I’m currently the Director of AI at Rebuy, a personalized search and recommendations platform for D2C e-commerce brands. I work with an amazing team of engineers and researchers to investigate topics such as language model agent systems, reinforcement learning for product merchandizing, personalized product ranking, and more. Prior to Rebuy, I was a Research Scientist at Alegion, where I built pre-labeling systems that improved human efficiency by 200+% on image and video data annotation tasks. Additionally, I worked for Salesforce Commerce Cloud for two years, where I developed embedding and tagging models used for content-based recommendations (i.e., similar and complimentary products).
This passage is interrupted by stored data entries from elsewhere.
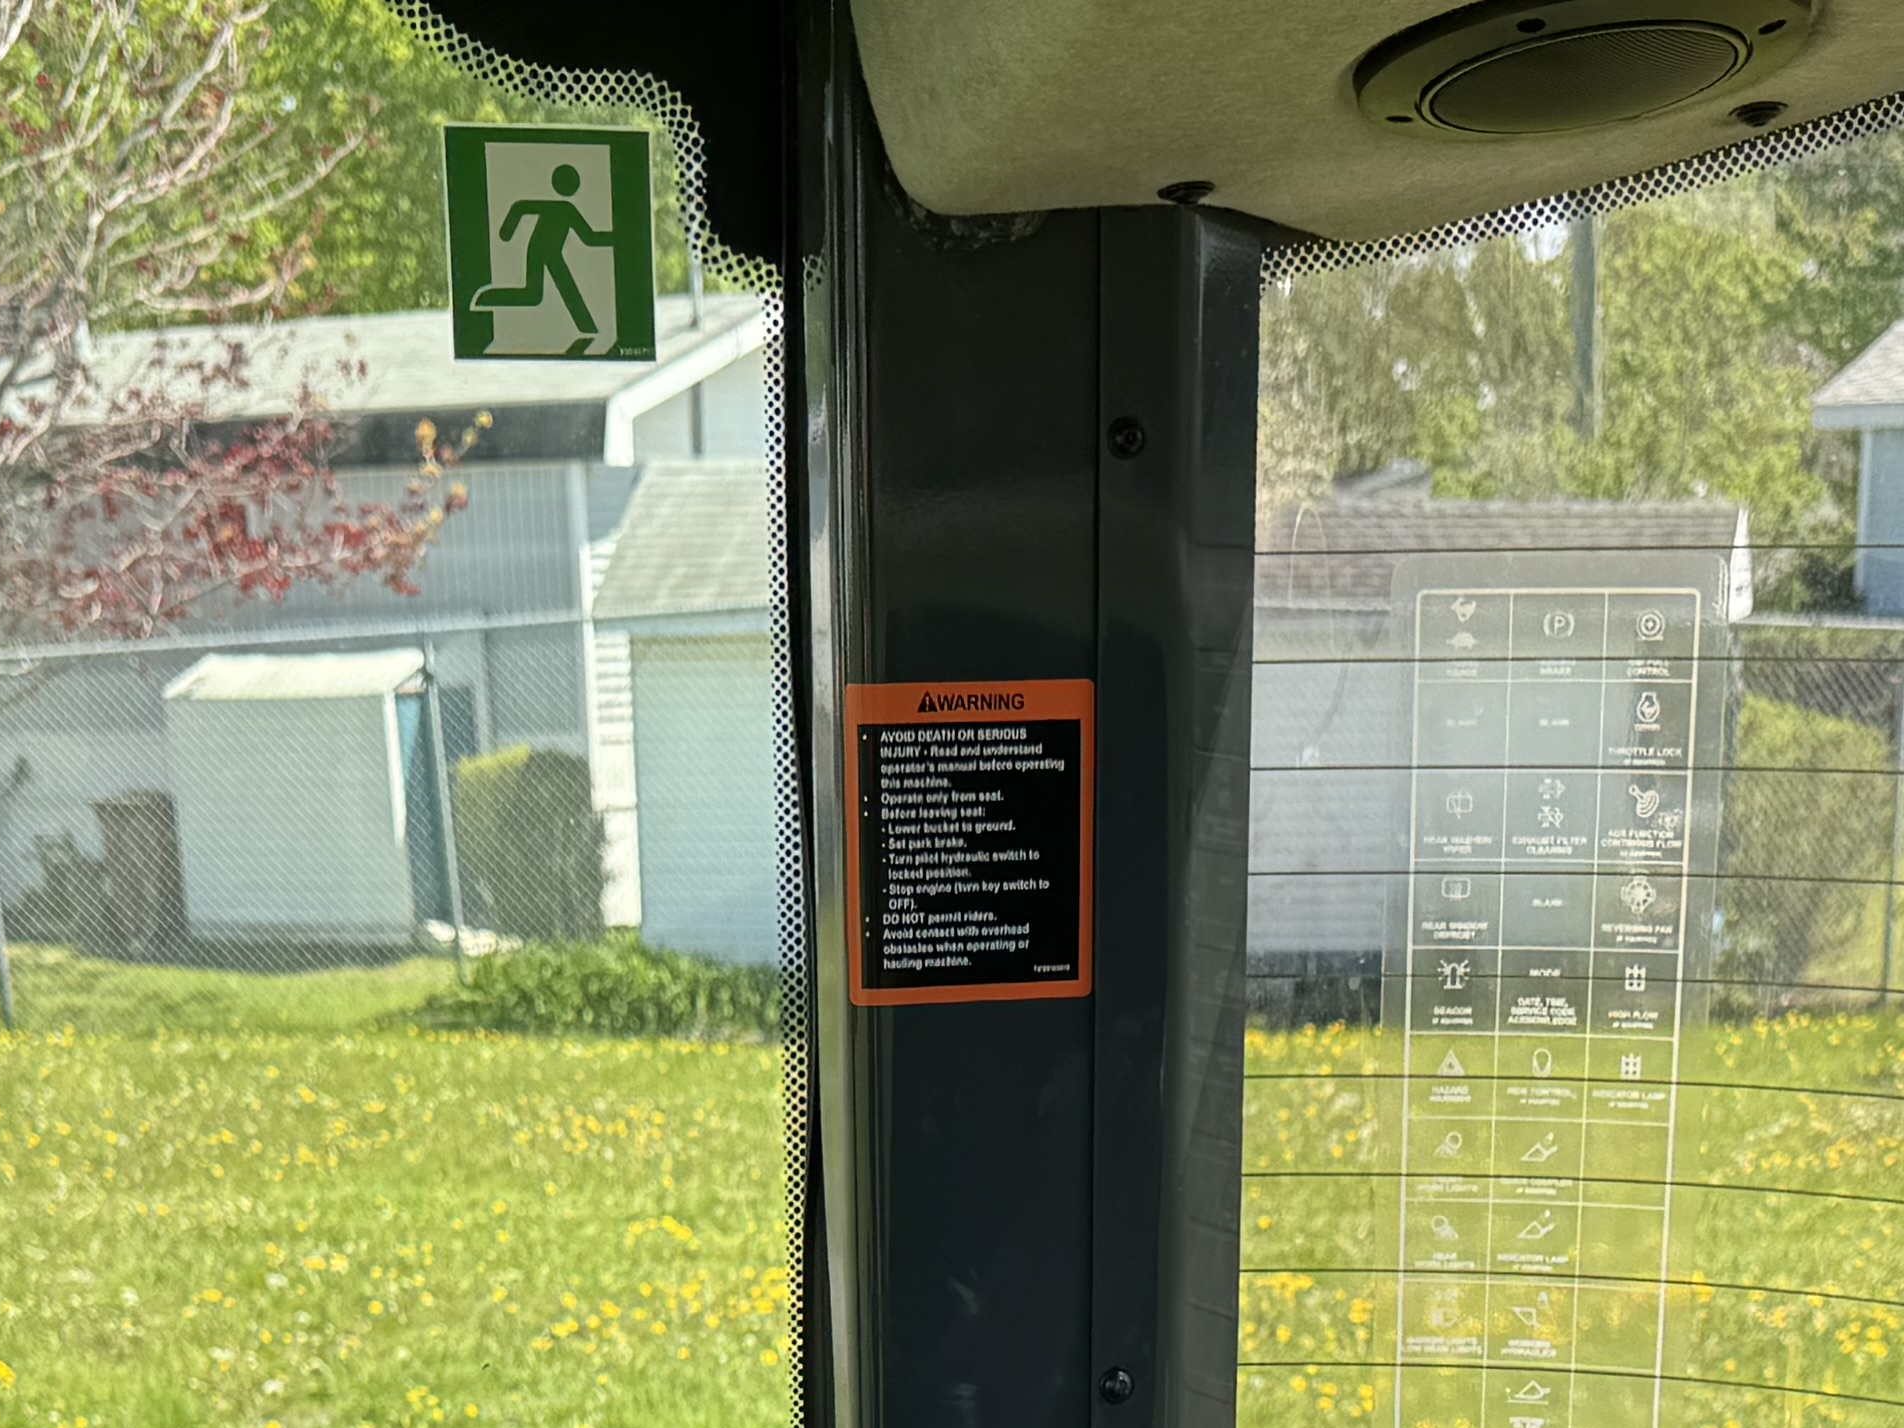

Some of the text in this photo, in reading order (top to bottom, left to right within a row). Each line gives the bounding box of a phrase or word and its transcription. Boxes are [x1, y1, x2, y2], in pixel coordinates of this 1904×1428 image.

[937, 693, 1024, 711] WARNING
[881, 727, 1026, 742] AVOID DEATH OR SERIOUS
[881, 746, 921, 758] INJURY
[930, 745, 957, 757] Read
[960, 744, 980, 756] and
[983, 743, 1042, 755] understand
[881, 758, 1064, 775] operator's manual before operating
[881, 776, 951, 789] this machine.
[881, 791, 1003, 806] Operate only from seat.
[882, 809, 916, 820] Before
[919, 808, 957, 820] leaving
[888, 823, 921, 835] Lower
[924, 822, 959, 834] bucket
[975, 820, 1015, 833] ground.
[889, 837, 967, 851] Set park brake.
[889, 855, 912, 865] Turn
[941, 853, 990, 865] hydraulic
[992, 850, 1026, 862] switch
[1029, 850, 1040, 860] to
[889, 868, 971, 880] locked position.
[889, 884, 913, 896] Stop
[916, 885, 952, 896] engine
[982, 881, 1000, 894] key
[1003, 880, 1036, 891] switch
[1039, 879, 1049, 889] to
[889, 899, 917, 910] OFF).
[883, 914, 899, 924] DO
[902, 912, 925, 924] NOT
[964, 911, 997, 922] riders.
[883, 928, 913, 940] Avoid
[982, 923, 1029, 936] overhead
[936, 942, 964, 953] when
[967, 940, 1016, 952] operating
[925, 956, 971, 968] machine.
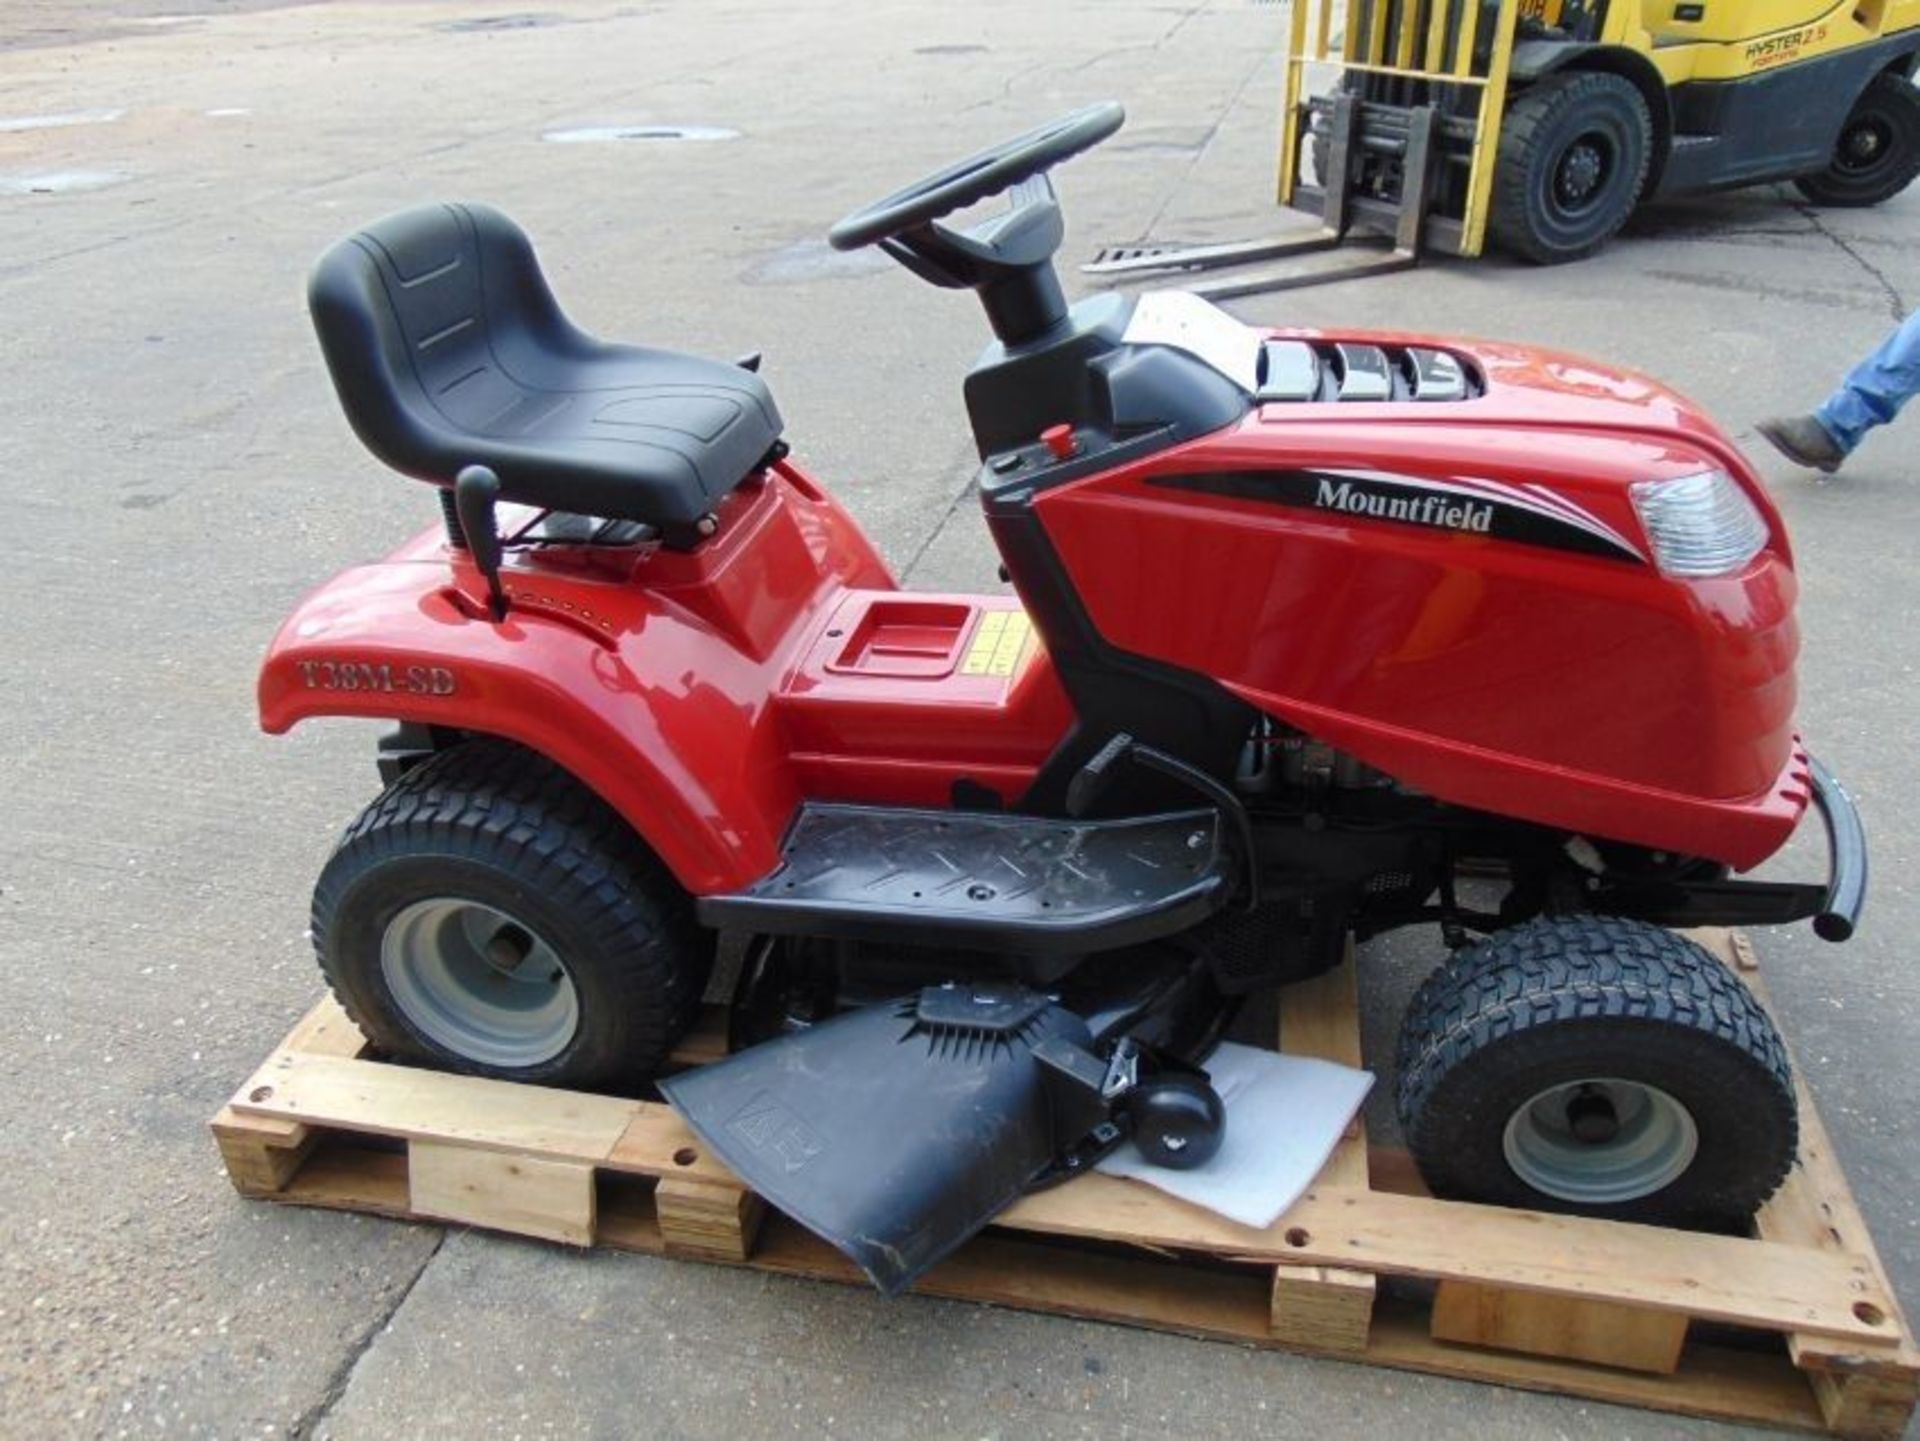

I earned my Ph.D. in Computer Science from Rice University (advised by Dr. Anastasios Kyrillidis) in Houston, TX. My research interests are related to math and machine/deep learning, including non-convex optimization, theoretically-grounded algorithms for deep learning, continual learning, and practical tricks for building better systems with neural networks. Prior to Rice, I was an undergraduate student in Computer Science at UT Austin, where I worked with the Neural Networks Research Group on research in genetic algorithms and evolutionary computation.